会員証をアプリ化するメリット・デメリットとは?注意点・導入方法も解説
デジタル技術の進化により、私たちの生活様式は大きく変化してきました。
その一環として、従来紙ベースで提供されていたサービスやツールもデジタル化しています。
飲食店や小売店、美容院などの店舗でよく利用されている「会員証」もその1つです。
会員証をアプリ化することは、店舗・顧客それぞれにさまざまなメリットがあります。
そこで本記事では、会員証をアプリ化することによる店舗側・顧客側それぞれのメリットやデメリットを解説するとともに、会員証アプリを導入する際のポイントや具体的な方法を紹介します。
「会員証アプリの導入を検討している」という企業や店舗にとって必見の内容ばかりですので、ぜひチェックしてみてください。
会員証アプリとは
会員証アプリとは、従来の紙やプラスチック製の会員証をデジタル化して、スマートフォンやタブレットなどのデバイス上で利用可能にするアプリケーションのことを指します。
従来の会員証と異なり、スマホ1つでさまざまな店舗のデジタル会員証を管理できるため、持ち運びや保管の手間が必要ありません。
会員証アプリは店舗・顧客双方にさまざまなメリットがあり、実際にスマホの普及とともに多くの企業や店舗で導入が進んでいます。
キャッシュレス化やペーパーレス化が進む今、今後もますます導入企業は増えていくでしょう。
会員証のアプリ化で得られるメリット
会員証をアプリ化することは、企業や店舗側にとってはもちろん、顧客側にもさまざまなメリットをもたらします。
それぞれ詳しく見ていきましょう。
企業・店舗側
会員証のアプリ化で店舗側が得られるメリットは、以下の4点です。
- コスト削減につながる
- プロモーションの幅が広がる
- 顧客情報を一元管理できるようになる
- 顧客情報をマーケティングに活かせる
それぞれ詳しく解説していきます。
メリット1 コスト削減につながる
会員証をアプリ化することで、会員証の導入コストや運用コストの削減につながります。
紙やプラスチックで作られた従来の会員証の場合、紙代や印刷代など多くのコストがかかっていました。

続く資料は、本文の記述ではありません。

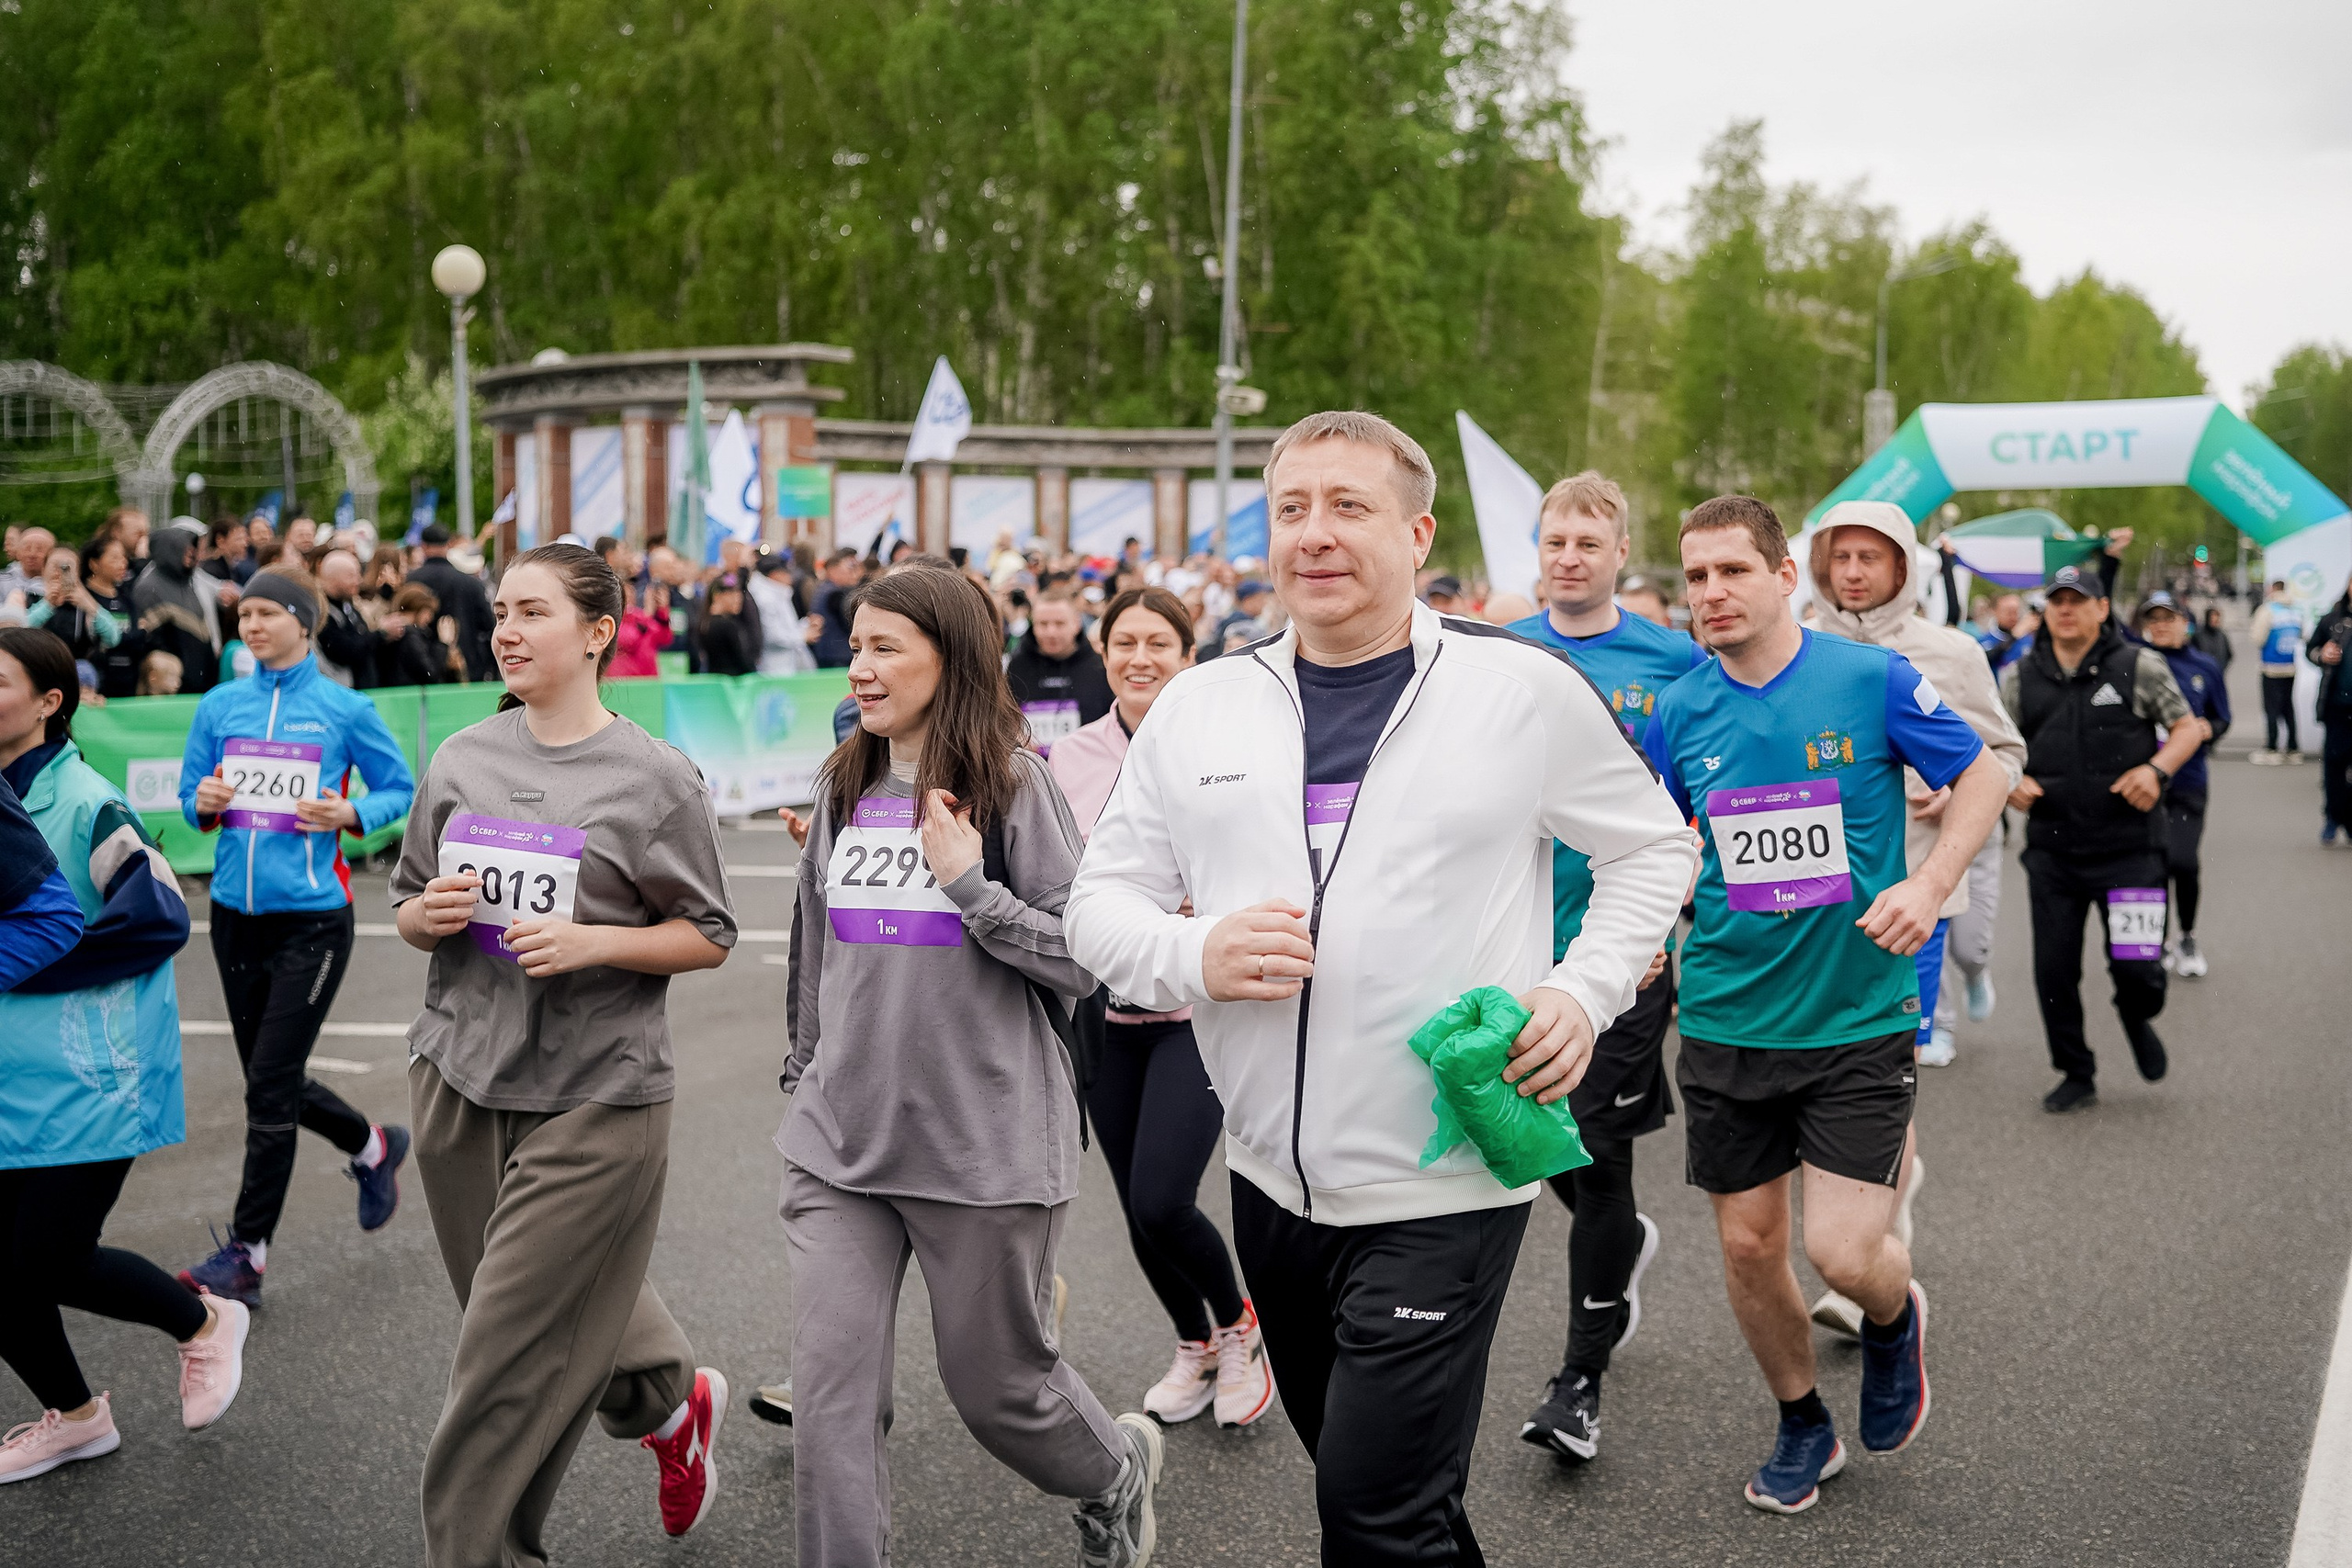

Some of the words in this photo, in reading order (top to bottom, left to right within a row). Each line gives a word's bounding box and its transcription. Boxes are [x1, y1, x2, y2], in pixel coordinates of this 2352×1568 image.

また、配布のための人員やそれにかかる費用、保管のためのスペースの確保なども必要です。
一方、会員証アプリの中には完全無料で利用できるものもあり、従来の会員証にかかっていたコストを大幅に削減することが可能です。
また、会員情報の変更や更新もアプリ内で行えるため、印刷や再発行に伴うコストも削減できます。
メリット2 プロモーションの幅が広がる
会員証アプリは、プッシュ通知やアプリ内のお知らせ機能などを活用して、顧客へのプロモーションや特典の提供が容易に行えます。
顧客をセグメント分けしてそれぞれに独自の特典を提供するなど、従来の会員証ではできなかったプロモーションを行うことも可能です。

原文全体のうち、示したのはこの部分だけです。